▸ What this task involves
Locate the line containing "this 2212×1659 image.", then please write out that line and all the lines below it in the entries exactly.
Top of Supplied records
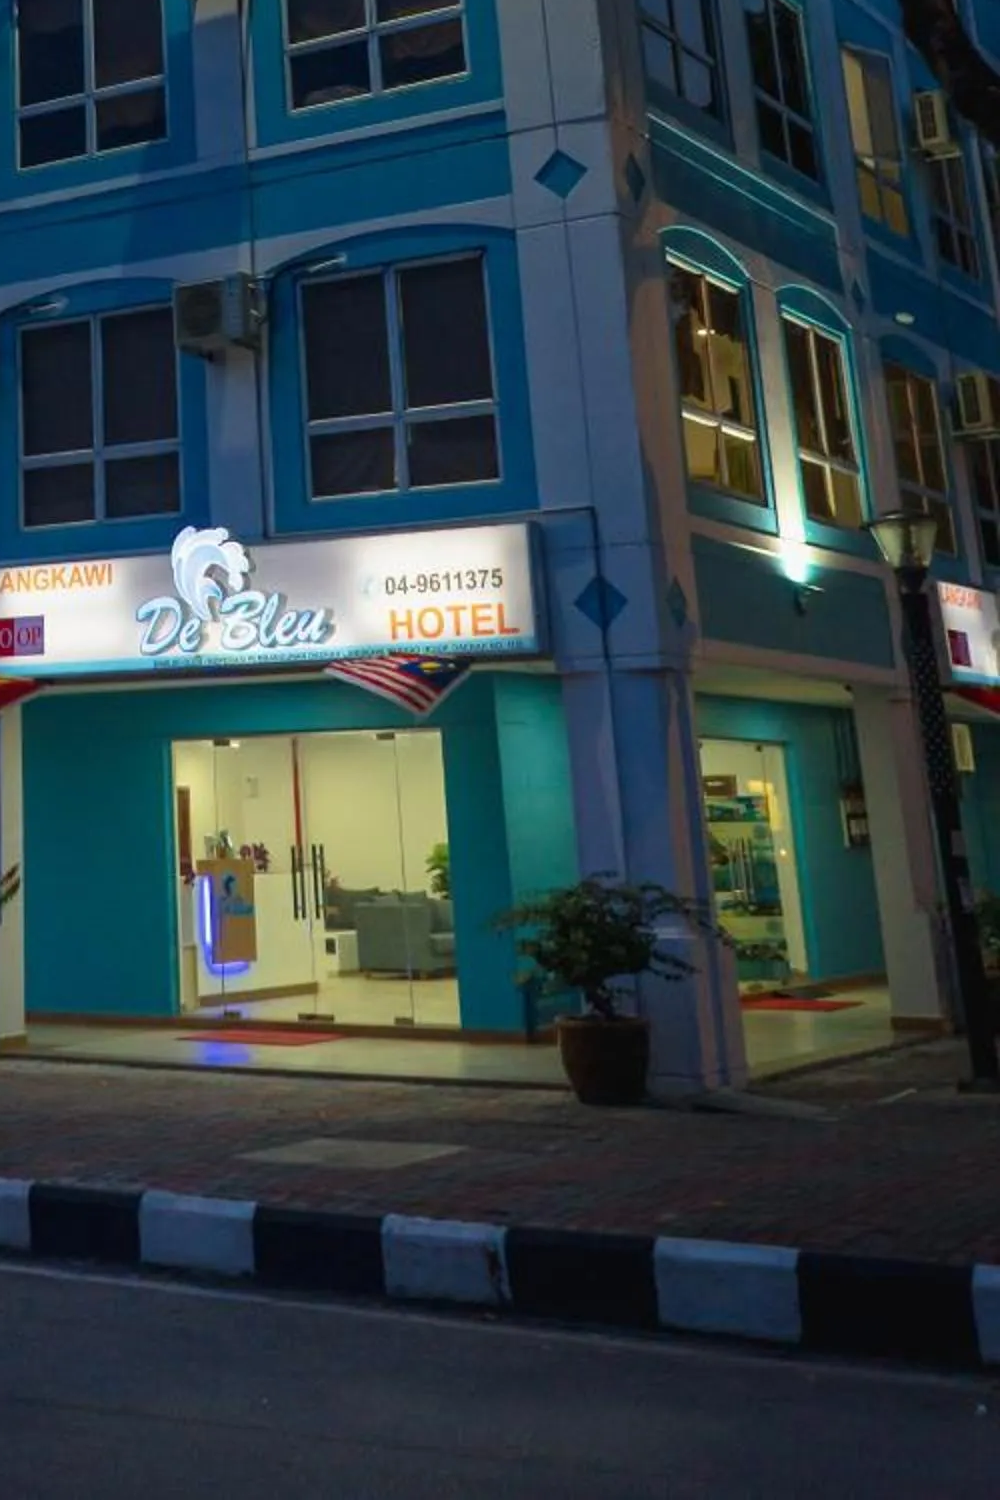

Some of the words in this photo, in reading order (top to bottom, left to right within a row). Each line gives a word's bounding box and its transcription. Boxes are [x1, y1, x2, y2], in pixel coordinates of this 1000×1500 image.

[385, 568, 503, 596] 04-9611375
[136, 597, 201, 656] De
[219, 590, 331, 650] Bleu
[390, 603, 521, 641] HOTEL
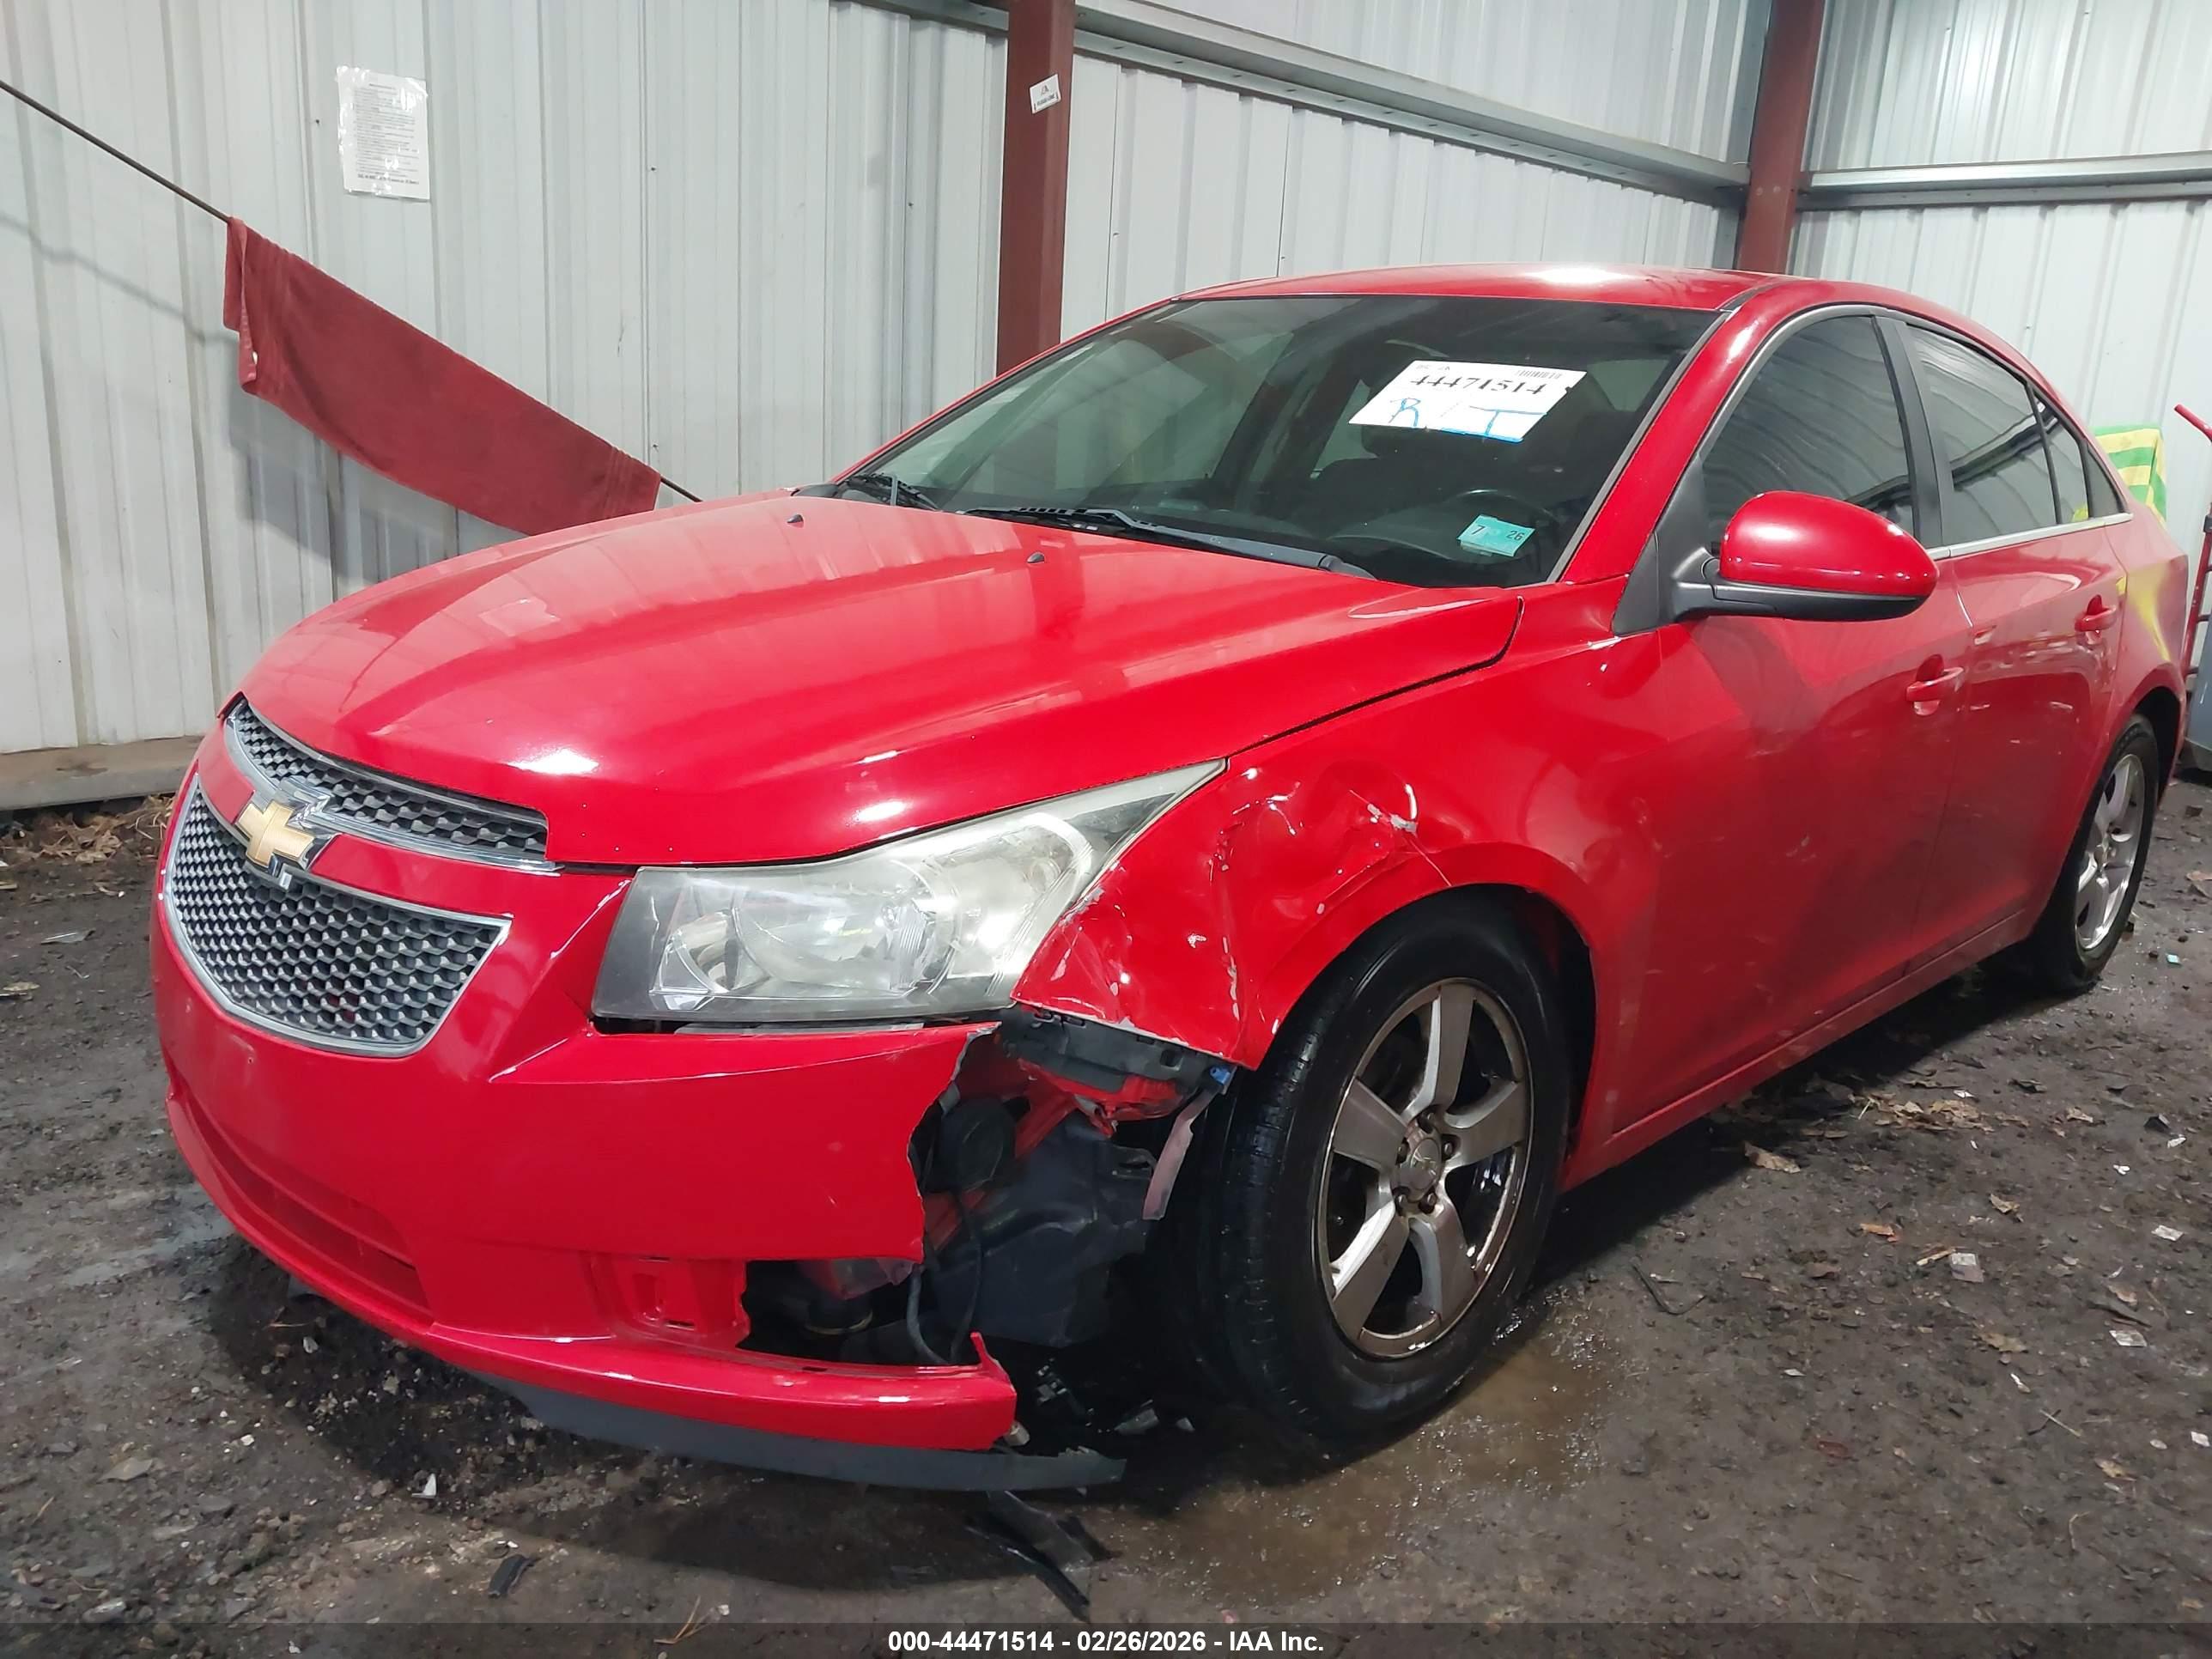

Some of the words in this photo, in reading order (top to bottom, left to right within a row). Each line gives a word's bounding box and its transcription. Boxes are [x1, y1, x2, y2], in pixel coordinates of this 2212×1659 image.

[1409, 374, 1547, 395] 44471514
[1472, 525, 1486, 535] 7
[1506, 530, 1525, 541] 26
Bottom of Supplied records
▸ Task response
Some of the words in this photo, in reading order (top to bottom, left to right within a row). Each line gives a word's bounding box and its transcription. Boxes are [x1, y1, x2, y2], in pixel coordinates of this 2212×1659 image.

[1409, 374, 1547, 395] 44471514
[1472, 525, 1486, 535] 7
[1506, 530, 1525, 541] 26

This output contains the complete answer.